Ce qui est encore plus choquant, c’est que les règles du gouvernement local autorisent et encouragent tacitement ces concerts parallèles de lobbying. Les règles de la ville de Westminster exigent uniquement des conseillers qu’ils divulguent tout direct intérêts financiers qu’ils ont dans une demande d’aménagement qu’ils envisagent. Mais ce sont des révélations que personne ne lit jamais et qui sont bien tolérées dans un environnement où les deux parties sont tout aussi impliquées. De plus, les règles ne font presque rien sur les emplois privilégiés que les propriétaires et les lobbyistes peuvent attribuer aux conseillers après leur départ de leurs fonctions, ce que le public pourrait naturellement percevoir comme une récompense pour la loyauté ou un moyen de garder les conseillers actuels amicaux dans l’espoir d’avantages futurs.

Ainsi, le président fantôme de la planification de Westminster Labour, David Boothroyd, a été nommé au clair de lune à la tête de la recherche du lobbyiste Indigo Public Affairs, dont les clients, a-t-il reconnu, «sont des entreprises qui demandent un permis de construire à diverses autorités locales» (bien qu’il affirme ne pas le faire et ne travaillerait pas avec des clients à Westminster même). Pendant ce temps, le membre du cabinet fantôme du Labour pour la gestion de la ville, Paul Dimoldenberg, a travaillé en tant que président d’une société de relations publiques qui “aide à établir un dialogue positif entre les communautés locales et nos clients avec des propositions de planification, de régénération et de développement”. Ou, plus prosaïquement, cela aide les développeurs à faire pression pour obtenir un permis de construire.

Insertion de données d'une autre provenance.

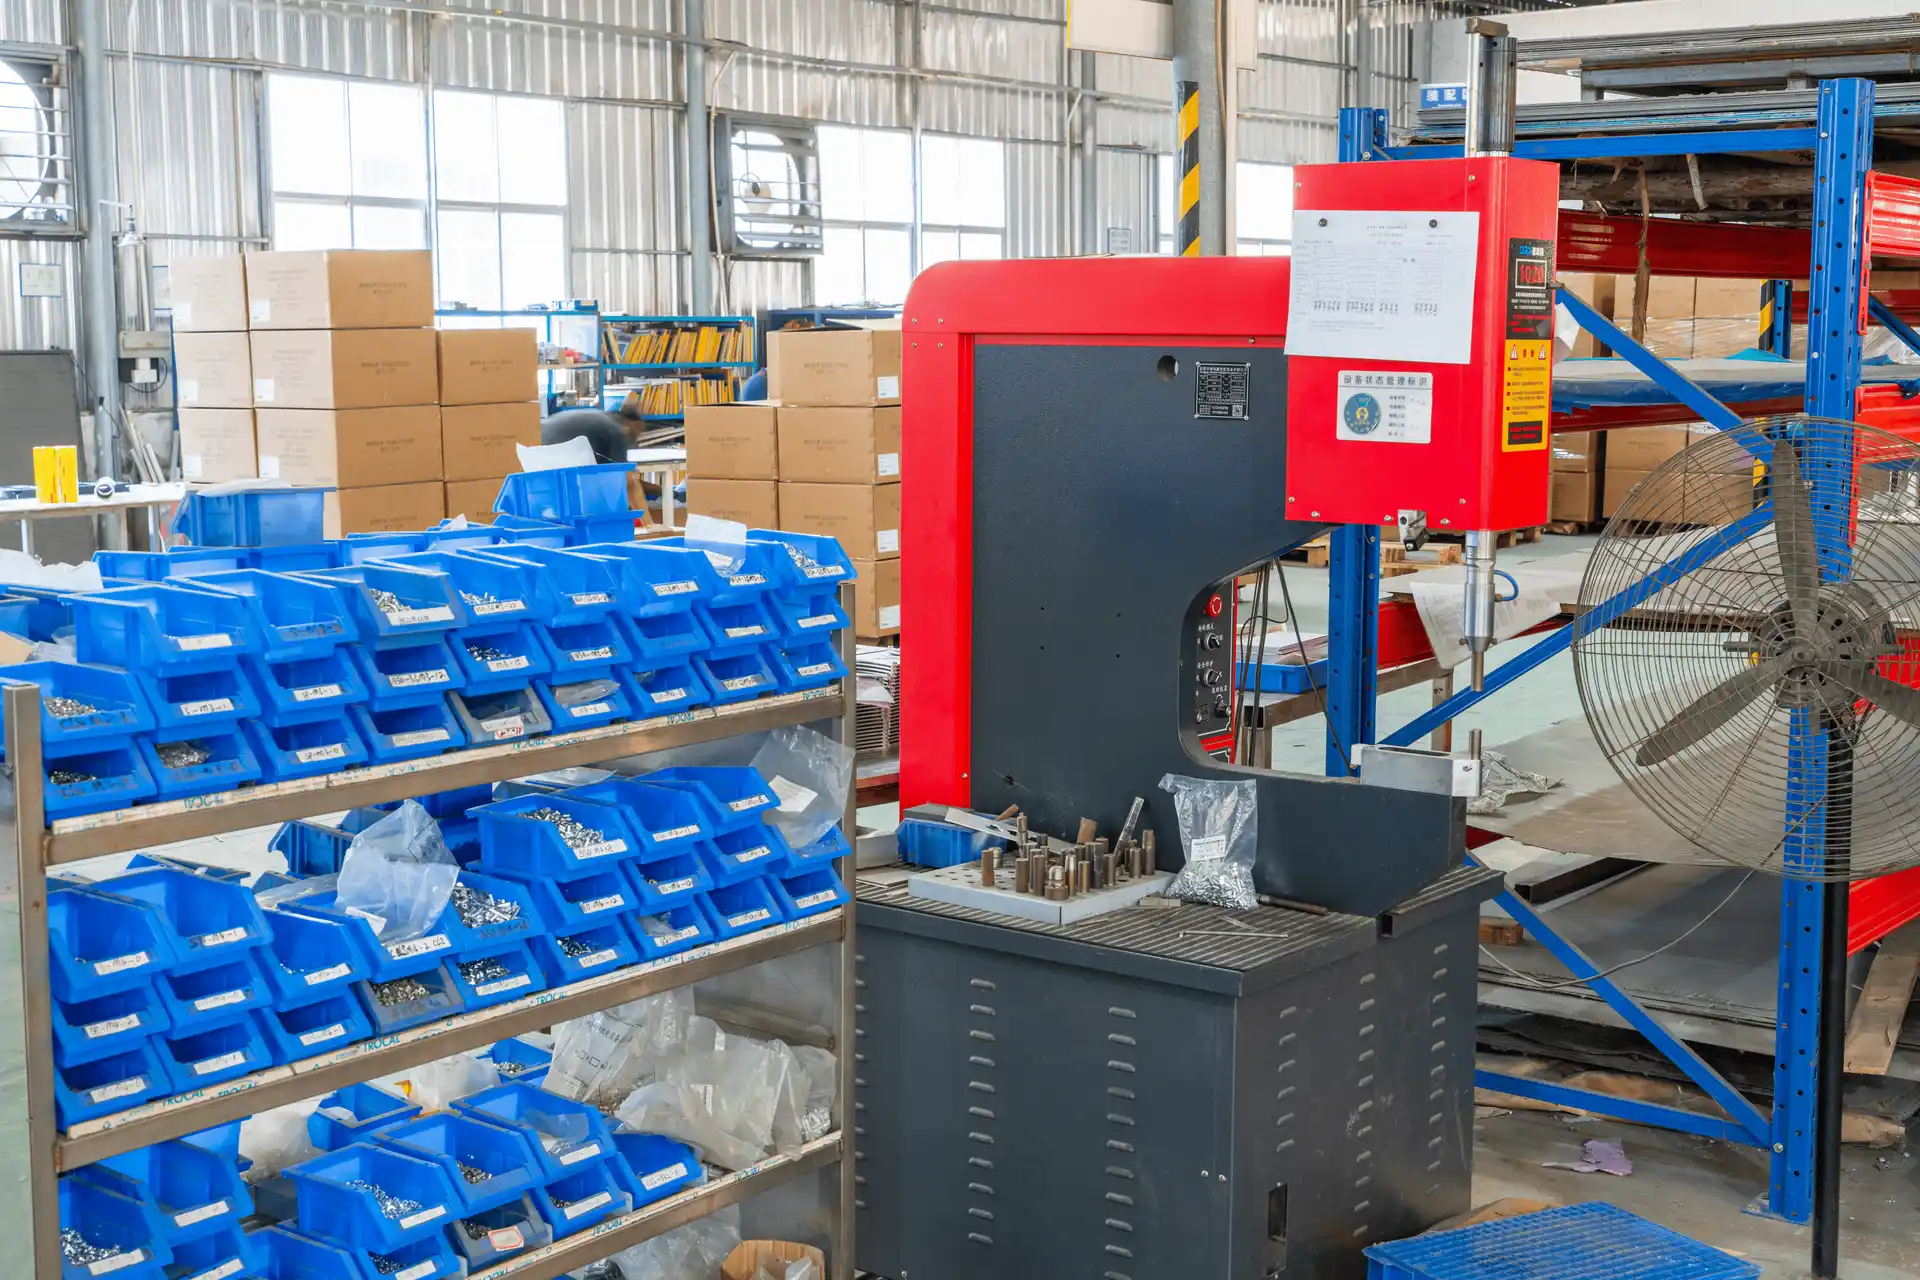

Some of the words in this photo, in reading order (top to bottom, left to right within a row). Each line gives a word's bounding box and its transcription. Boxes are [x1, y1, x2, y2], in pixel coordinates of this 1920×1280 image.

[1343, 375, 1428, 387] 设备状态管理标识
[364, 1035, 401, 1052] TROCAL

Et à Haringey, l’ancienne dirigeante travailliste de droite Claire Kober a tenté en vain d’imposer un développement public-privé que les militants ont qualifié de “nettoyage social” des logements sociaux. Après que des militants de la base l’aient forcée à démissionner du conseil, elle a rapidement rejoint le conseil d’administration de l’un des plus grands propriétaires terriens de Londres.

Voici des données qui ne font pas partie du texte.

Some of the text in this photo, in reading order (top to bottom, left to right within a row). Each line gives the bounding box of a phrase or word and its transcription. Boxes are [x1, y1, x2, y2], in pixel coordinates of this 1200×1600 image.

Rien de tout cela n’est d’accuser les conseillers de corruption, ou même d’enfreindre le règlement du conseil. Mais siéger dans des organismes de planification tout en travaillant pour des promoteurs immobiliers et des lobbyistes crée un conflit d’intérêts inhérent et irréconciliable. Cela détruit la confiance du public dans le système de planification et toute crédibilité que les travaillistes pourraient avoir dans la poursuite de la question. Les travaillistes ne peuvent jamais faire avancer efficacement la corruption tant que leurs conseillers ont leurs propres conflits d’intérêts, et soulever la question contre les conservateurs n’aboutit qu’à une destruction mutuelle assurée.

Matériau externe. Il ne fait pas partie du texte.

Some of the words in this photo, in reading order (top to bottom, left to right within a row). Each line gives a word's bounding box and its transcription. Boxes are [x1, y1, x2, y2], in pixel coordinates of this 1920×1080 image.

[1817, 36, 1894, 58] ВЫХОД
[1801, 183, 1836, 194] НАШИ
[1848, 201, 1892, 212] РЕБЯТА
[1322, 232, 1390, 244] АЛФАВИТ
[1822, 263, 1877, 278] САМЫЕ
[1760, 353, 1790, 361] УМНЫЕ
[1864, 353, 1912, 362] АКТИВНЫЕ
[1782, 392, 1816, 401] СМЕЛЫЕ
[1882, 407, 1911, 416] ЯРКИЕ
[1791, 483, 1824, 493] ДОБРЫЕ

La seule solution est d’interdire aux promoteurs immobiliers et à leurs lobbyistes d’accéder aux conseils locaux et d’exercer des fonctions dans les partis politiques locaux. C’est une réponse que les partis de centre-gauche du monde entier ont soutenue. Mais alors que les conseillers travaillistes sont payés par les lobbyistes et les promoteurs immobiliers, rien ne changera. Le gouvernement local restera un cloaque de sleaze, juste à une échelle légèrement moins grande.